El Banco de España calcula que la economía española creció un 0.2% en el segundo trimestre - en tasa intertrimestral - y un 0.7% en términos interanuales, según el último boletín de la entidad. Una desaceleración que se habría producido por una caída en la demanda más pronunciada que el trimestre anterior.
La información disponible sobre el segundo trimestre sugiere un debilitamiento de la actividad,  en un entorno marcado por el agravamiento de la crisis de la deuda soberana en la zona del euro. Las estimaciones realizadas a partir de la información coyuntural disponible señalan que el PIB habría registrado una tasa de variación intertrimestral del 0,2 %, situando su tasa interanual en el 0,7 %.

Por el lado del gasto, la desaceleración de la actividad se habría producido como consecuencia del retroceso de la demanda nacional (–1,9 % en tasa interanual), más pronunciado que en el trimestre anterior, mientras que la demanda exterior neta elevó su aportación positiva, hasta 2,6 pp. Debe tenerse en cuenta que en este trimestre las tasas interanuales están afectadas por la concentración de un volumen excepcional de gasto en igual período del año anterior, en anticipación a la subida del IVA el 1 de julio y a la inminente finalización de distintos programas públicos de apoyo al gasto (entre ellos, del plan 2000E de ayuda directa a la adquisición de automóviles).

El panorama económico internacional, la evolución económica y financiera en los últimos meses estuvo dominada por el agravamiento de las tensiones en los mercados de deuda soberana de la zona del euro y por una cierta pérdida de vigor en el ritmo de recuperación económica de algunas de las principales economías desarrolladas, lo que supuso un elemento de incertidumbre adicional, que contribuyó a aumentar las dudas sobre el carácter transitorio de la desaceleración. Esta evolución contrasta con el mantenimiento del dinamismo en las economías emergentes. Los precios del petróleo y del resto de materias primas flexionaron a la baja respecto a los niveles máximos alcanzados en abril, aunque permanecieron en cotas elevadas, y la inflación continuó evolucionando de forma diferenciada por áreas geográficas, observándose mayores presiones inflacionistas en los países emergentes, que se encuentran más adelantados en el ciclo económico. Finalmente, los riesgos en el terreno fiscal se extendieron más allá de la zona del euro, destacando las tensas negociaciones en Estados Unidos sobre el aumento del techo de deuda.

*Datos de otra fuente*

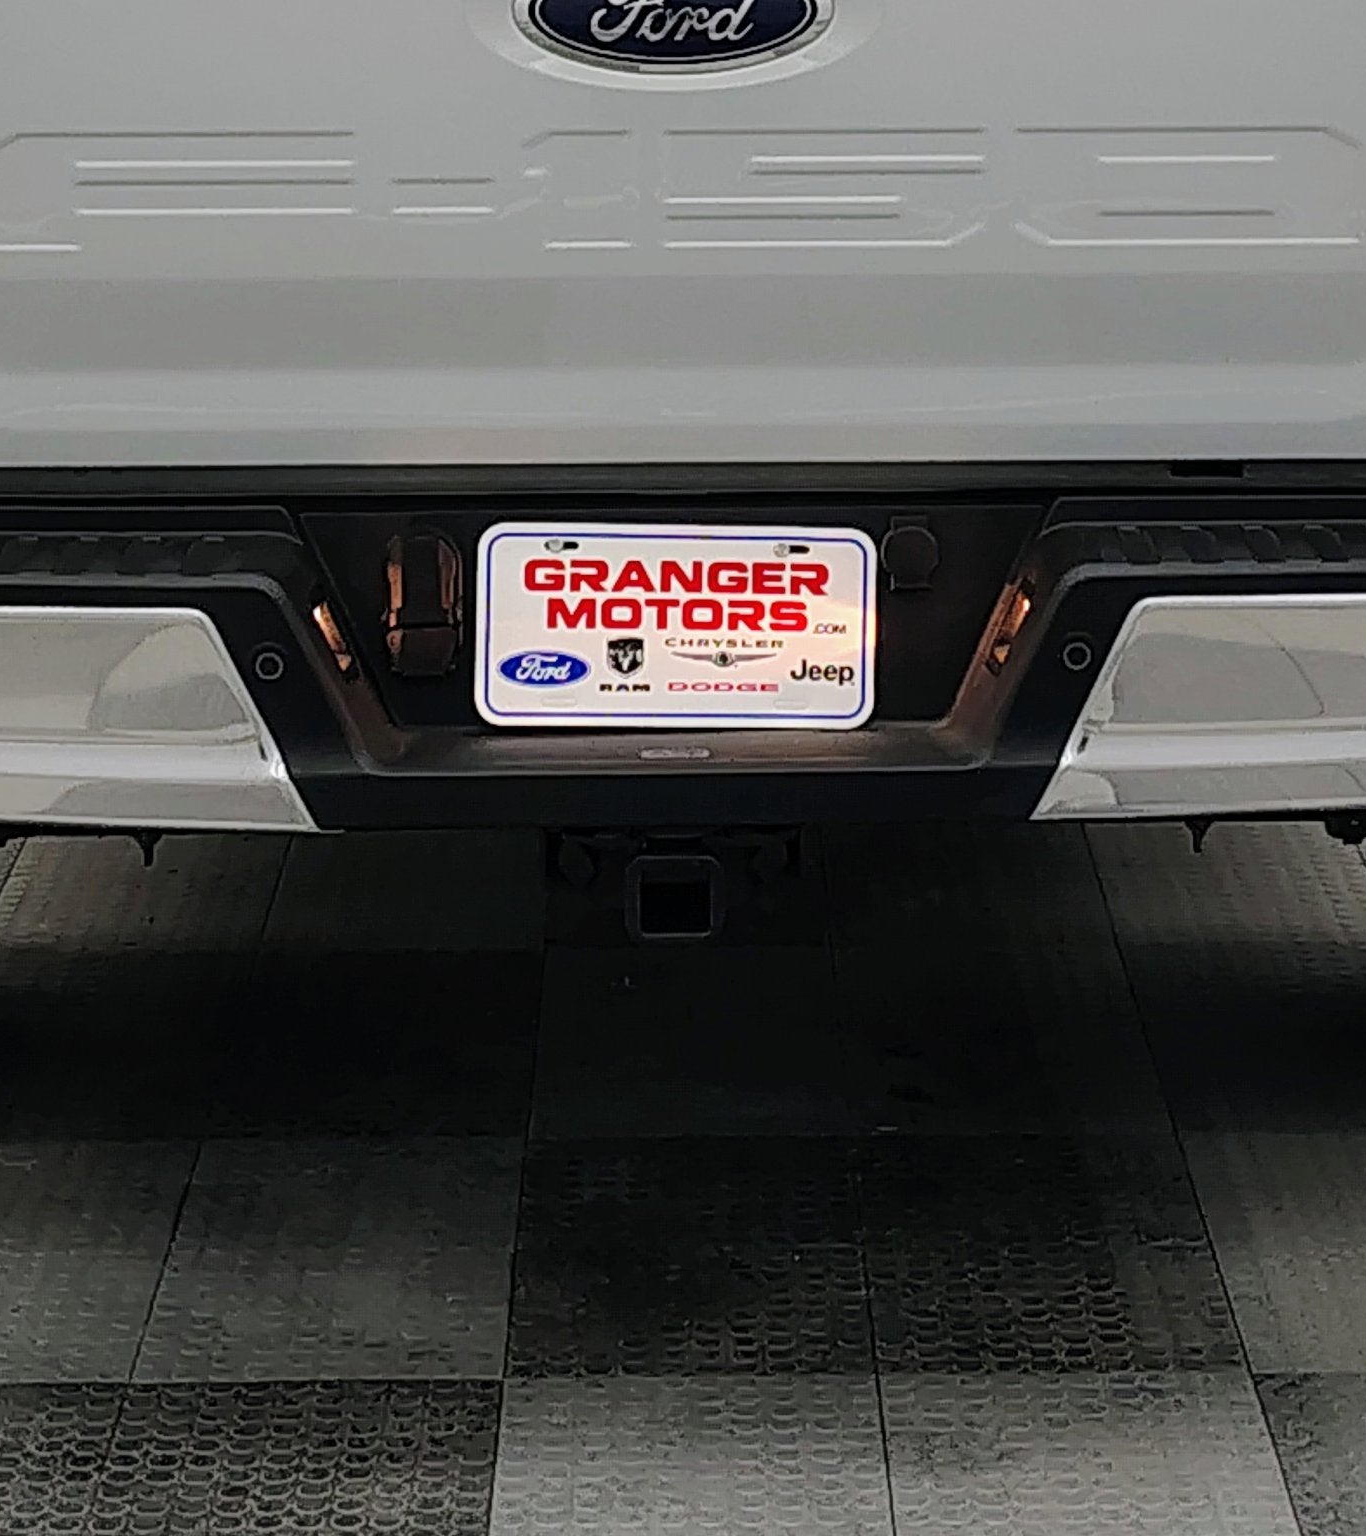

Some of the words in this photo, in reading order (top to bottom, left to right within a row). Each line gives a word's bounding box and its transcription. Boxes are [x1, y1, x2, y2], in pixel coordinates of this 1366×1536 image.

En Europa, la incertidumbre suscitada en torno a la posibilidad de alguna forma de reestructuración de la deuda griega y la demora en la aprobación del segundo paquete de ayuda financiera a ese país determinaron que las turbulencias en los mercados financieros (que en el tramo inicial del trimestre afectaron a los países sujetos a programa) se extendieran a partir de julio a los mercados de deuda pública de otros países de la zona del euro, y con particular intensidad a Italia y España. Además, las tensiones se propagaron a otros mercados financieros, como el mercado bursátil, los mercados cambiarios (donde el tipo de cambio del euro registró oscilaciones significativas) y el mercado interbancario. Esta fuerte inestabilidad enturbió la publicación el 15 de julio de los resultados positivos de las pruebas de resistencia de la banca europea por parte de la Autoridad Bancaria Europea (EBA, según sus siglas en inglés).